[Material supplied]

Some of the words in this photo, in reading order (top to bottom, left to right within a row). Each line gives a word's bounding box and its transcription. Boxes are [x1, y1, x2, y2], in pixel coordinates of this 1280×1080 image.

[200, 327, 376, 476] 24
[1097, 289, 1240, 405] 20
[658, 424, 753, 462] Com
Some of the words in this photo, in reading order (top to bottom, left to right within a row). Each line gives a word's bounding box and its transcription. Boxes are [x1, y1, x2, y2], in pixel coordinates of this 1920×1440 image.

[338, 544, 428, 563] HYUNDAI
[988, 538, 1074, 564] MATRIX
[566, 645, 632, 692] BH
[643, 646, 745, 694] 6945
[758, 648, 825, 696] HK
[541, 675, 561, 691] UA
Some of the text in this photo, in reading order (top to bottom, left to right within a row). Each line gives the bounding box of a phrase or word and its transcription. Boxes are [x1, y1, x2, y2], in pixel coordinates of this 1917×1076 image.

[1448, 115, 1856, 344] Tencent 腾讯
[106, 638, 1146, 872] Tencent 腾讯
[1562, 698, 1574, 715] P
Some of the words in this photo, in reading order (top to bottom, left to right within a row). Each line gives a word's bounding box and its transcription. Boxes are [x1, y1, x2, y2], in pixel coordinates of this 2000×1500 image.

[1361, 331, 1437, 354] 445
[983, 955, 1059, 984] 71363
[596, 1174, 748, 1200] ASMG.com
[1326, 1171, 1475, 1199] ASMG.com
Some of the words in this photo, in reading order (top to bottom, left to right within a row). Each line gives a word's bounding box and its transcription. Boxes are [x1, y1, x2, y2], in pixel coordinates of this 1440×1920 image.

[/Material supplied]

Exercise directions
What you write should match, character for character, the lines from the one with "Some of the text" to the end of the data, both included.

Response below
Some of the text in this photo, in reading order (top to bottom, left to right within a row). Each line gives the bounding box of a phrase or word and its transcription. Boxes are [x1, y1, x2, y2], in pixel coordinates of this 1917×1076 image.

[1448, 115, 1856, 344] Tencent 腾讯
[106, 638, 1146, 872] Tencent 腾讯
[1562, 698, 1574, 715] P
Some of the words in this photo, in reading order (top to bottom, left to right within a row). Each line gives a word's bounding box and its transcription. Boxes are [x1, y1, x2, y2], in pixel coordinates of this 2000×1500 image.

[1361, 331, 1437, 354] 445
[983, 955, 1059, 984] 71363
[596, 1174, 748, 1200] ASMG.com
[1326, 1171, 1475, 1199] ASMG.com
Some of the words in this photo, in reading order (top to bottom, left to right within a row). Each line gives a word's bounding box and its transcription. Boxes are [x1, y1, x2, y2], in pixel coordinates of this 1440×1920 image.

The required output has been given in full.